* Excerpted data

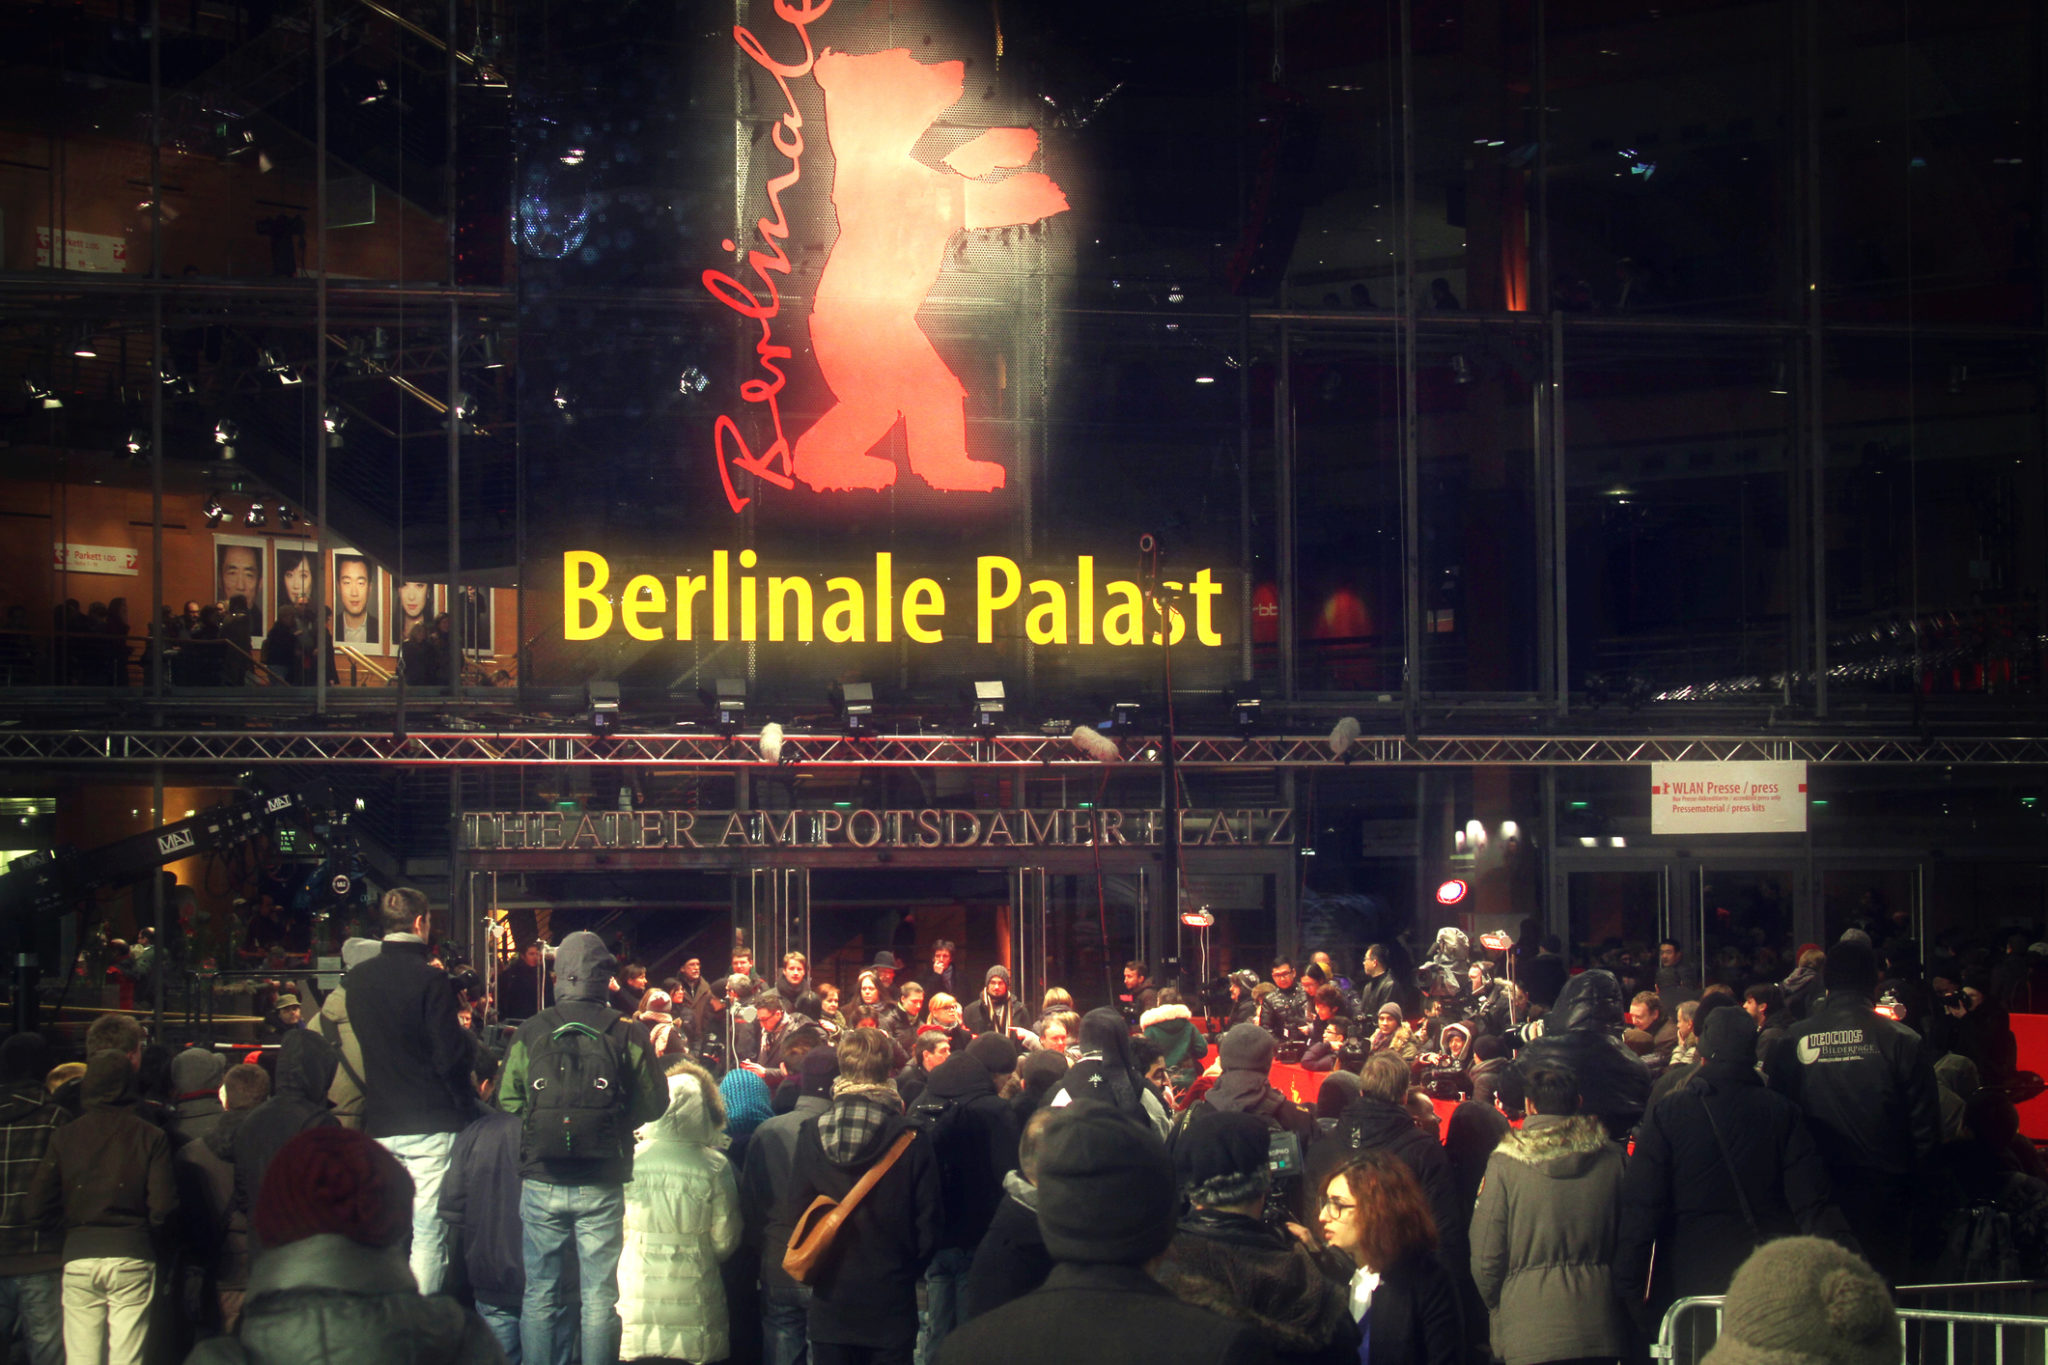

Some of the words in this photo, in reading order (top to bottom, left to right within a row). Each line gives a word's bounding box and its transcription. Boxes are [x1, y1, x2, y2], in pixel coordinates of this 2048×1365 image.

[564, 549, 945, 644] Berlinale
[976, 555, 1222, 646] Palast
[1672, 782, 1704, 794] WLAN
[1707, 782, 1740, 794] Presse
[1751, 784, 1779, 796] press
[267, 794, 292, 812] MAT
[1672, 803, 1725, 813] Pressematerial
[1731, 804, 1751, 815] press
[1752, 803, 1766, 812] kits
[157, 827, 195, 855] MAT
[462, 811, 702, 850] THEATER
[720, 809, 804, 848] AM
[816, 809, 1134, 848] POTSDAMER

* Try it
Could you print all the entries exactly as they stand, with the pictures left out?

* Result of this task
Some of the words in this photo, in reading order (top to bottom, left to right within a row). Each line gives a word's bounding box and its transcription. Boxes are [x1, y1, x2, y2], in pixel coordinates of this 2048×1365 image.

[564, 549, 945, 644] Berlinale
[976, 555, 1222, 646] Palast
[1672, 782, 1704, 794] WLAN
[1707, 782, 1740, 794] Presse
[1751, 784, 1779, 796] press
[267, 794, 292, 812] MAT
[1672, 803, 1725, 813] Pressematerial
[1731, 804, 1751, 815] press
[1752, 803, 1766, 812] kits
[157, 827, 195, 855] MAT
[462, 811, 702, 850] THEATER
[720, 809, 804, 848] AM
[816, 809, 1134, 848] POTSDAMER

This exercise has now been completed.